Após um período de secretismo e ausência de diálogo com a comunidade educativa e científica, foi finalmente publicada a 7 de Janeiro 2008 a nova lei da Educação Especial (Decreto-lei nº 3/2008).
Uma análise critica não pode deixar de focar aspectos positivos e negativos, sendo nosso objectivo colocar dez argumento em cada prato da balança.

10 aspectos positivos:

  1. Define a Inclusão sócio-educativa como objectivo central da Educação Especial, clarificando o modelo educativo a seguir.
  2. Articula o princípio da Inclusão com o direito à singularidade de cada aluno e à oferta de respostas educativas adequadas. 
  3. Determina a prioridade de matrícula para os alunos com Necessidades Educativas Especiais de Carácter Prolongado, NEECP.
  4. Define o princípio da não descriminação, não podendo ser recusada a matrícula destes alunos em escolas particulares, públicas ou profissionais financiadas directa ou indirectamente pelo Ministério da Educação.
  5. Reforça os direitos de participação dos pais e encarregados de educação no processo educativo do seu educando e a confidencialidade dos processos.
  6. Regulamenta as Escolas de Referência e Unidades para alunos Surdos, Cegos, Autistas e com Multideficiência.
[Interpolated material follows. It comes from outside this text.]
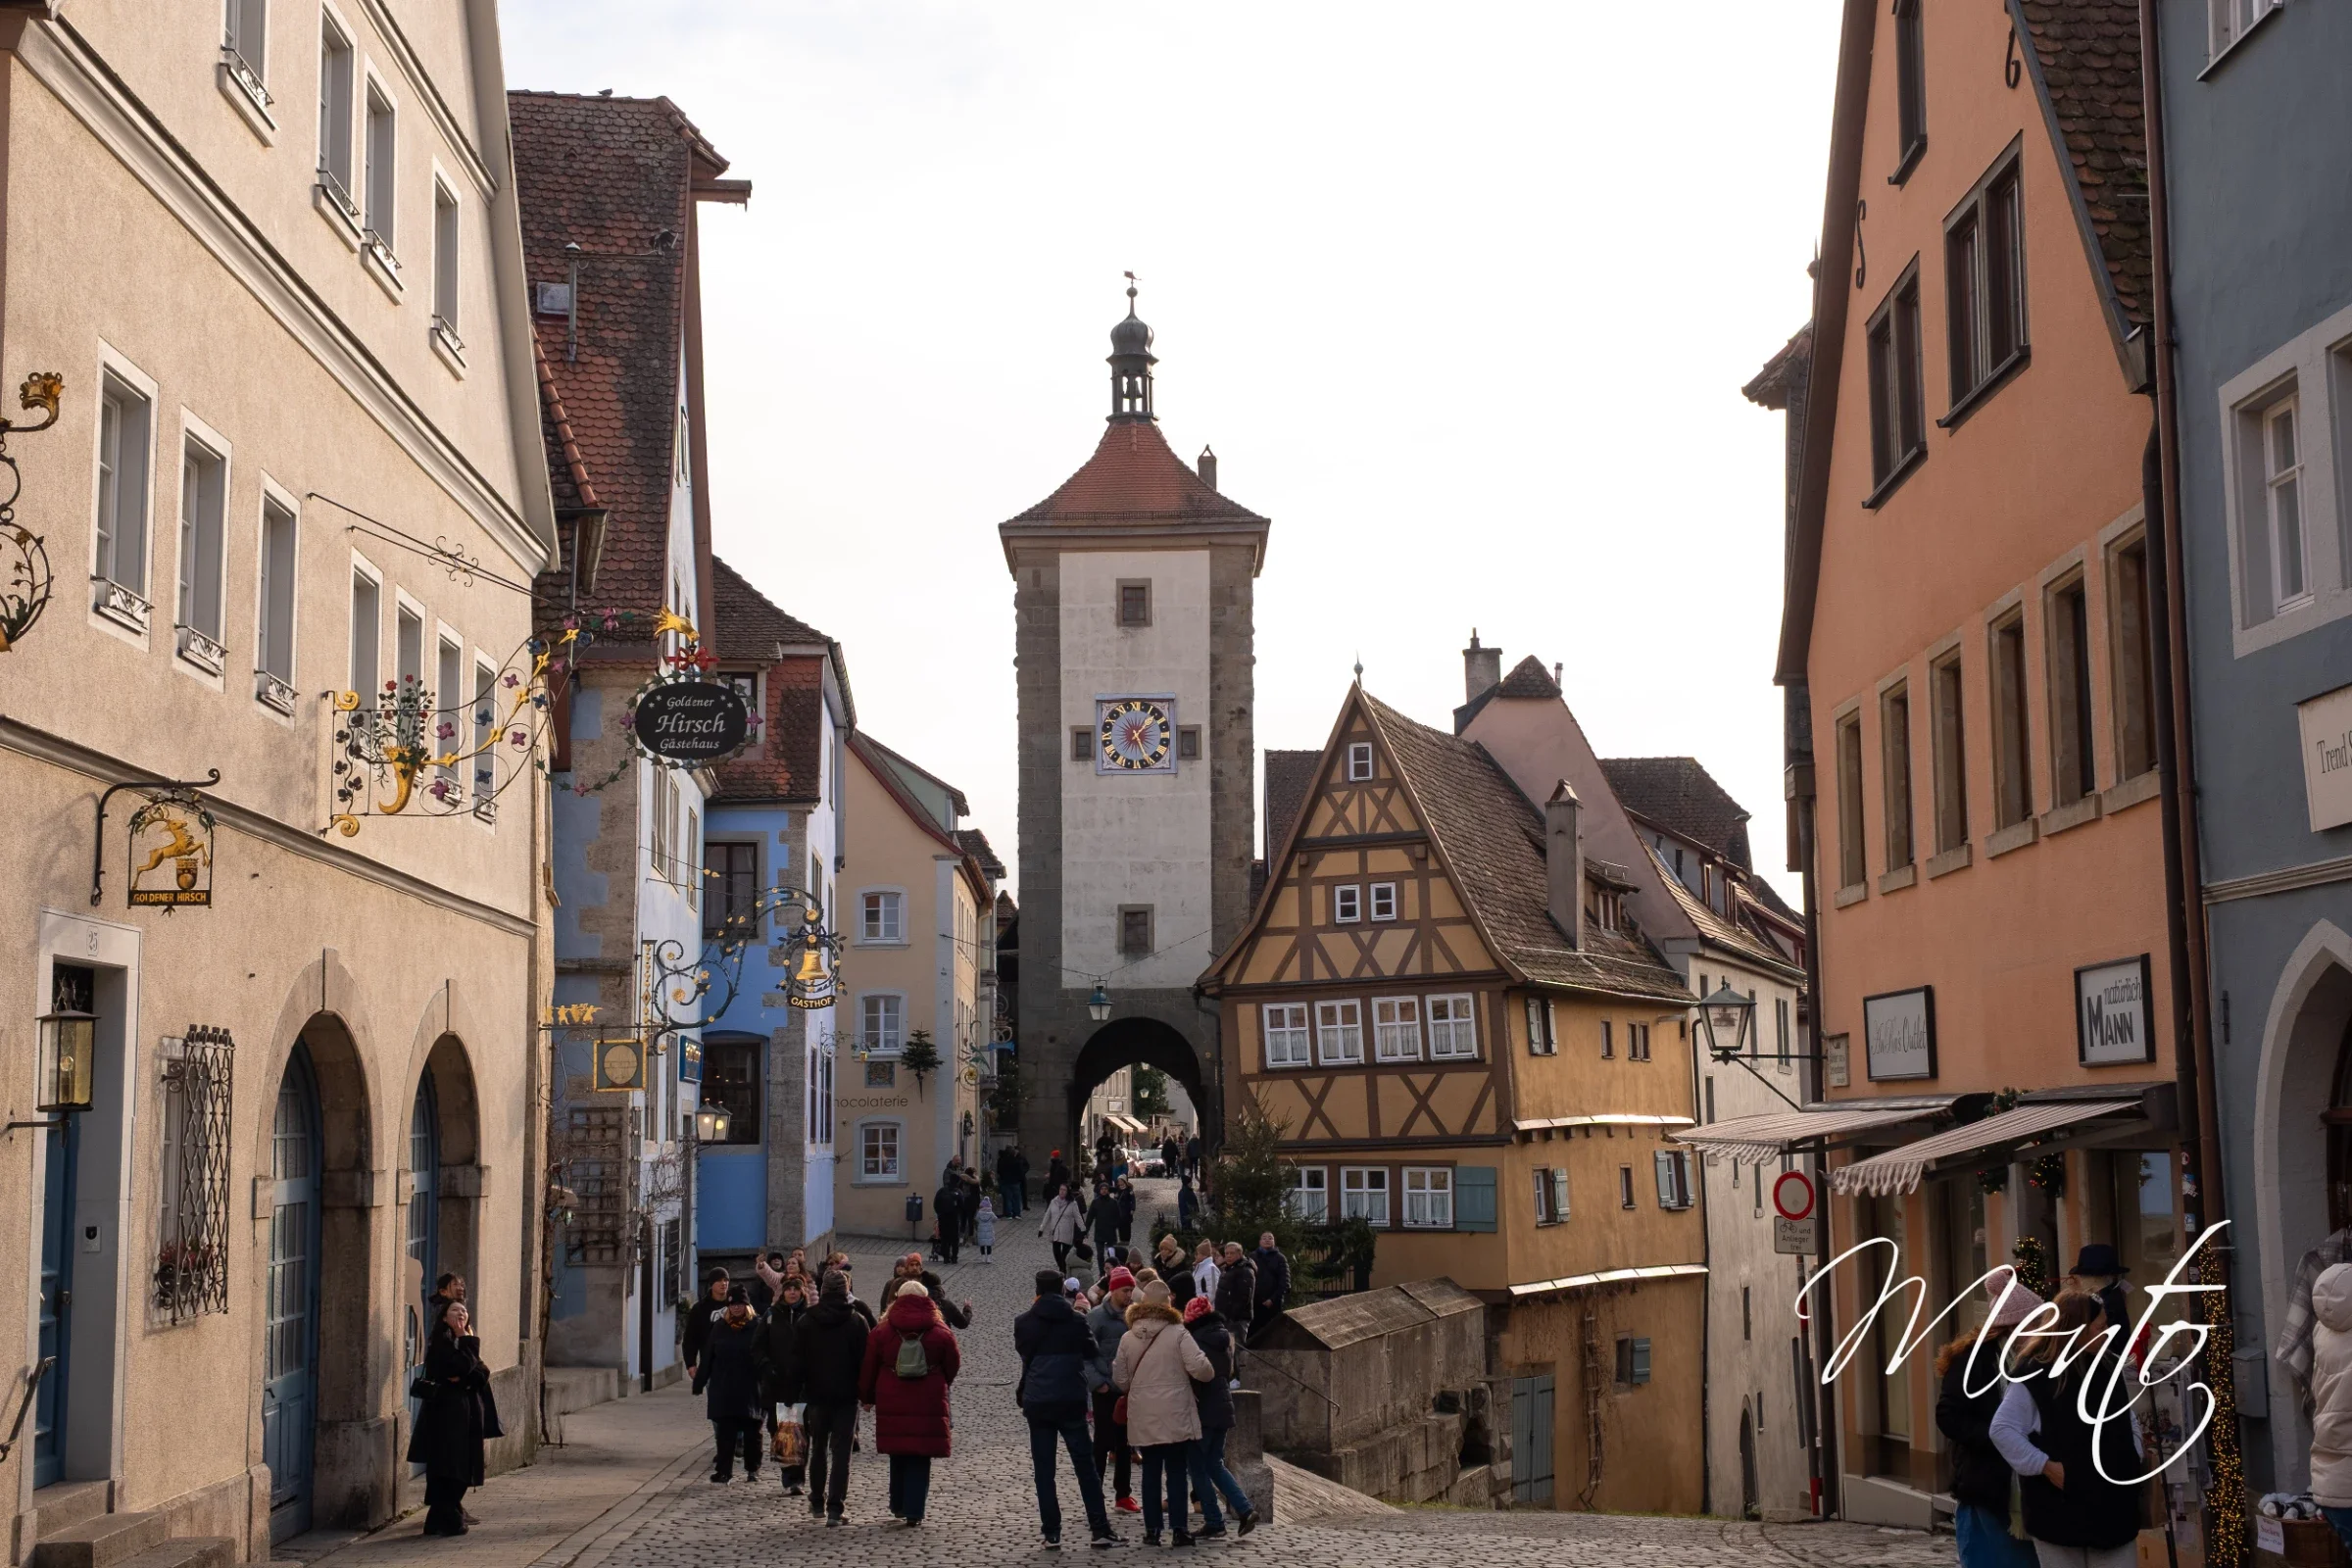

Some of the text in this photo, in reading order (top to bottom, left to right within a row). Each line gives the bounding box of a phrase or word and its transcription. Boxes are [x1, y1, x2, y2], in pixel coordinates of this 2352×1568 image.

Muitas delas já existiam havendo lacunas na regulamentação das mesmas.
  7. Organiza e explicita os instrumentos de avaliação e planificação, bem como as medidas a aplicar, constituindo uma actualização do anterior Decreto-Lei 319/91.
  8. Atribui funções claras ao SPO, ao Director de Turma e ao Conselho Executivo. Define também as funções dos professores de Educação Especial, referindo ainda a existência do Departamento de Educação Especial e suas atribuições. Estes aspectos, a par da criação anterior de um Grupo de Docência, consagram um quadro organizacional e funcional da Educação Especial.
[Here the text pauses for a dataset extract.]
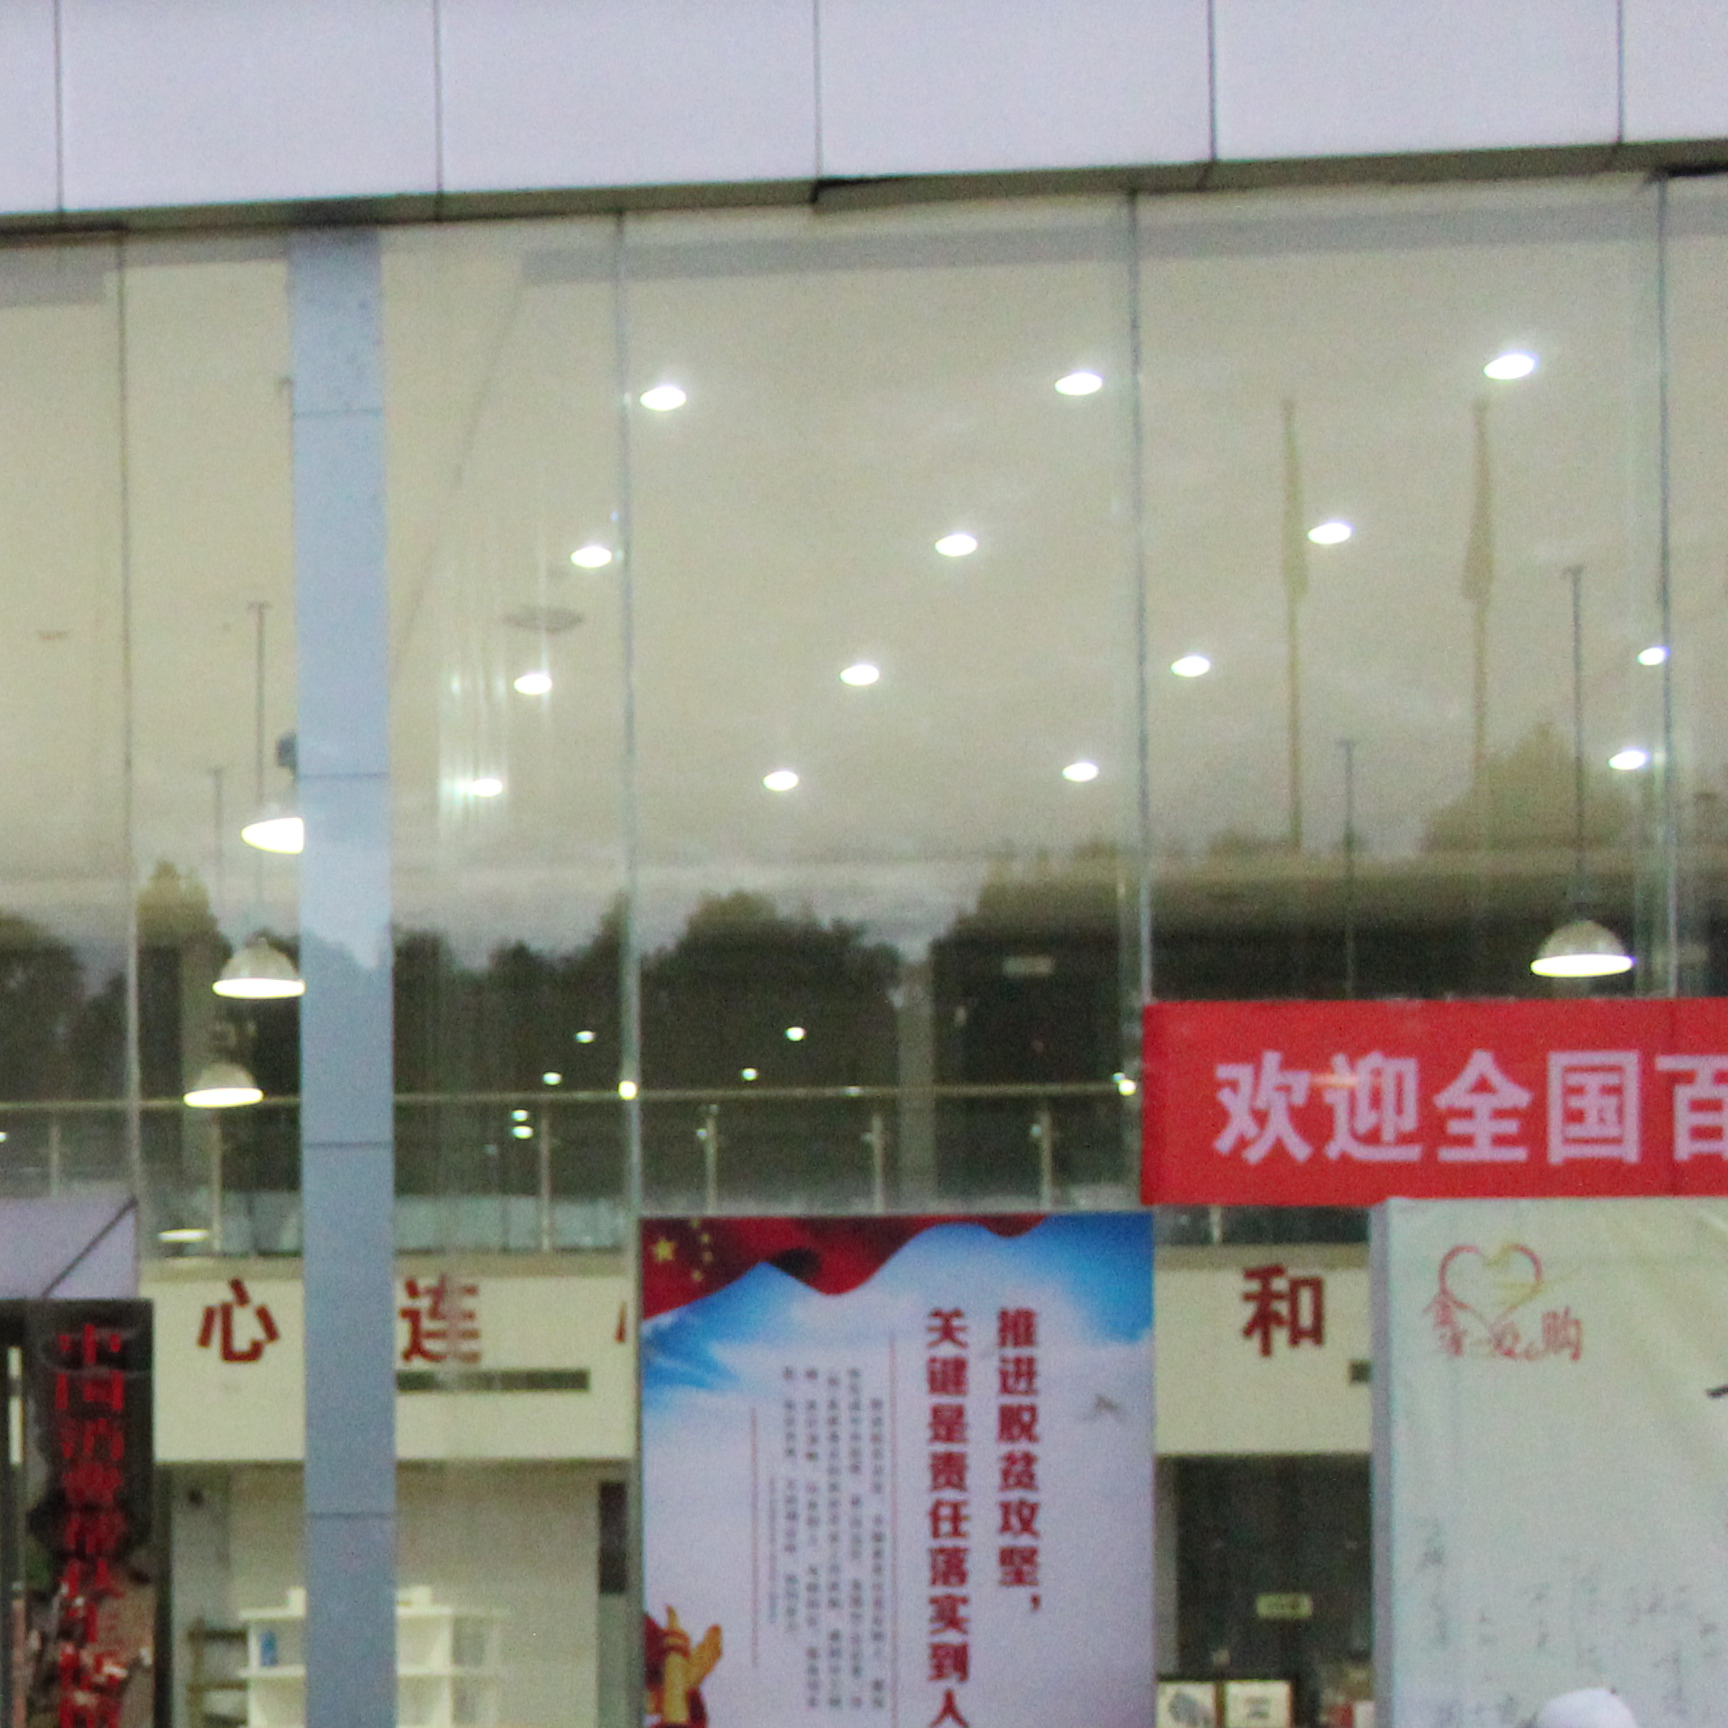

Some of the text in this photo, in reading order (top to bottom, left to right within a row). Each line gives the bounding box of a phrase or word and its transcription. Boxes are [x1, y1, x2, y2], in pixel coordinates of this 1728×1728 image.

[1213, 1048, 1728, 1166] 欢迎全国百
[198, 1278, 280, 1363] 心
[1241, 1263, 1326, 1358] 和
  9. Cria cobertura legal para Processos de Transição para a Vida Pós-escolar, como forma de preparação para a Inclusão social futura do aluno, após sair da escola.
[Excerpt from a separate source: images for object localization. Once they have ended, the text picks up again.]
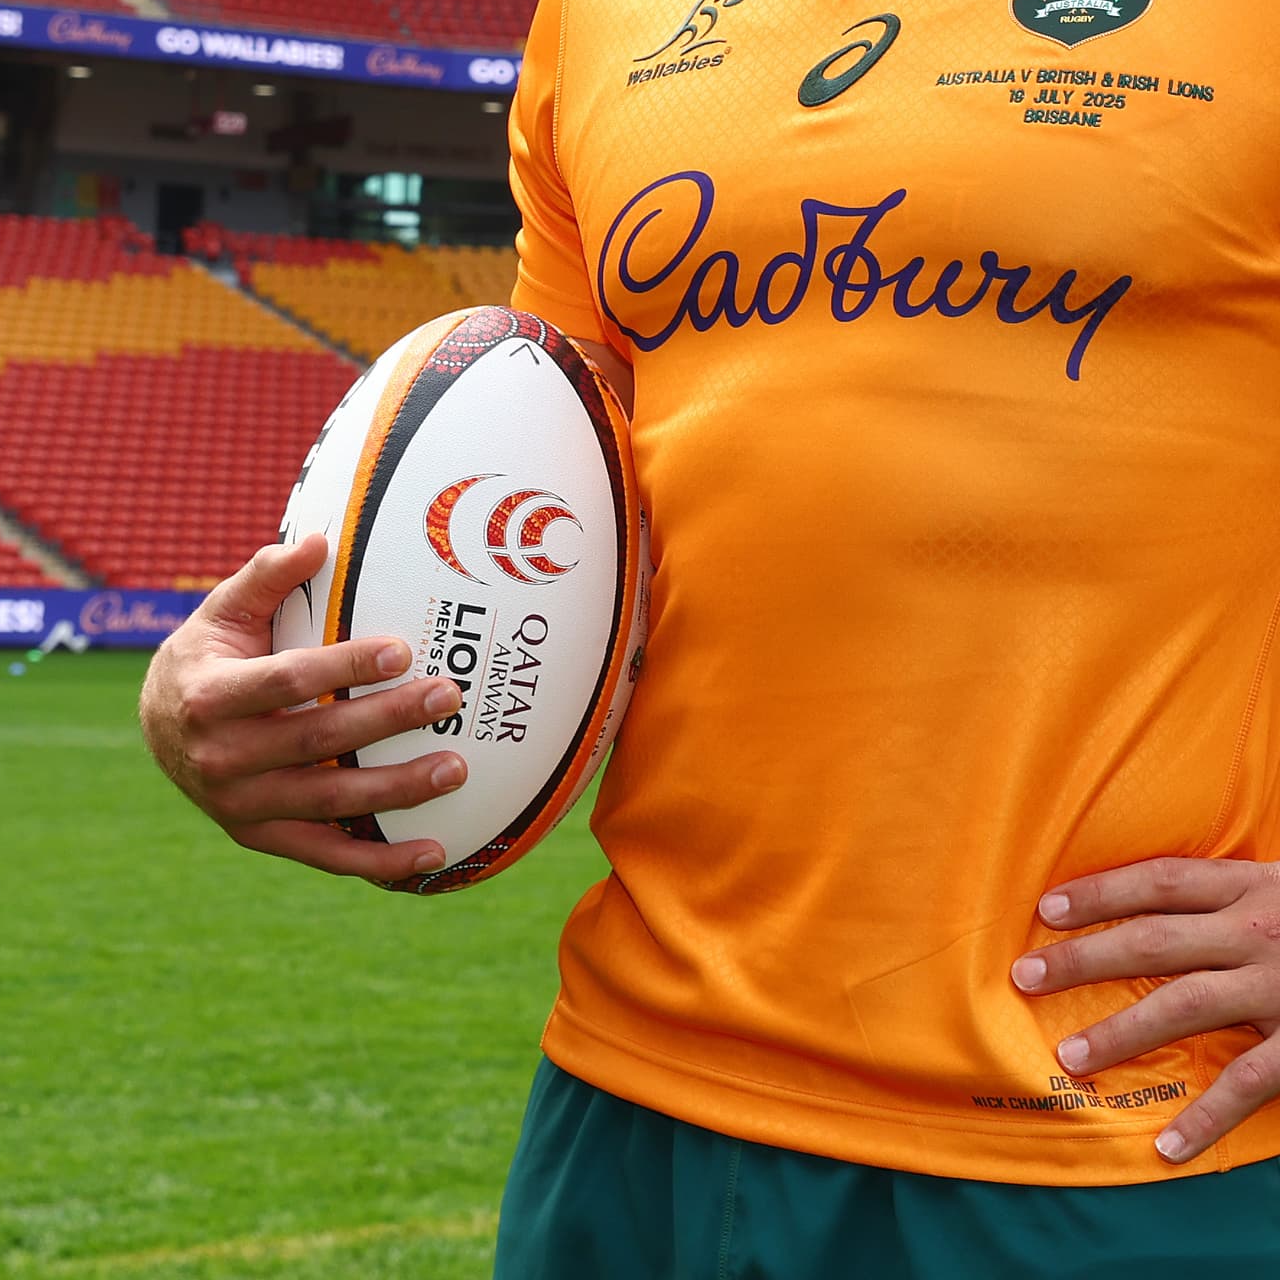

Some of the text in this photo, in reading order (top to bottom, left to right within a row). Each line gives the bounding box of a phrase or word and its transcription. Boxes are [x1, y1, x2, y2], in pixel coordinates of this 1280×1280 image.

[1046, 0, 1112, 12] AUSTRALIA
[1060, 15, 1094, 23] RUGBY
[626, 53, 725, 87] Wallabies
[936, 70, 1016, 86] AUSTRALIA
[1036, 69, 1095, 85] BRITISH
[1101, 72, 1114, 87] &
[1118, 73, 1159, 91] IRISH
[1168, 79, 1214, 102] LIONS
[1033, 89, 1073, 104] JULY
[1082, 92, 1126, 109] 2025
[1023, 108, 1101, 127] BRISBANE
[598, 170, 1132, 381] Cadbury
[432, 604, 486, 735] LIOS
[496, 614, 548, 743] QATAR
[475, 642, 511, 741] AIRWAYS
[1009, 1094, 1084, 1111] CHAMPION
[1087, 1095, 1104, 1107] DE
[1108, 1081, 1188, 1109] CRESPIGNY
[1050, 1076, 1097, 1094] DEBUT
  10. Ao revogar o Dec.-Lei 319 e o artº 6º da Portaria 1102/07 de 3 de Novembro, acaba com o suporte legal que permitia os encaminhamentos para as instituições, devendo o ensino regular preparar-se para receber efectivamente todos os alunos. Portugal assume-se como país de via única em termos de Inclusão.

10 aspectos negativos:

  1. Adopta a Classificação Internacional de Funcionalidade, CIF, como o instrumento para a classificação dos alunos e tomada de decisão sobre o "acesso", ou não, à Educação Especial. Seria escusado recorrer a um instrumento da Saúde para integrar um processo que deve ser pedagógico e Inclusivo. A Educação Especial passa a ser alicerçada com base da selecção/classificação de alunos através de itens da saúde e aspectos ligados à funcionalidade, o que representa um retrocesso ao paradigma bio-psico-social e não um avanço para um modelo Inclusivo.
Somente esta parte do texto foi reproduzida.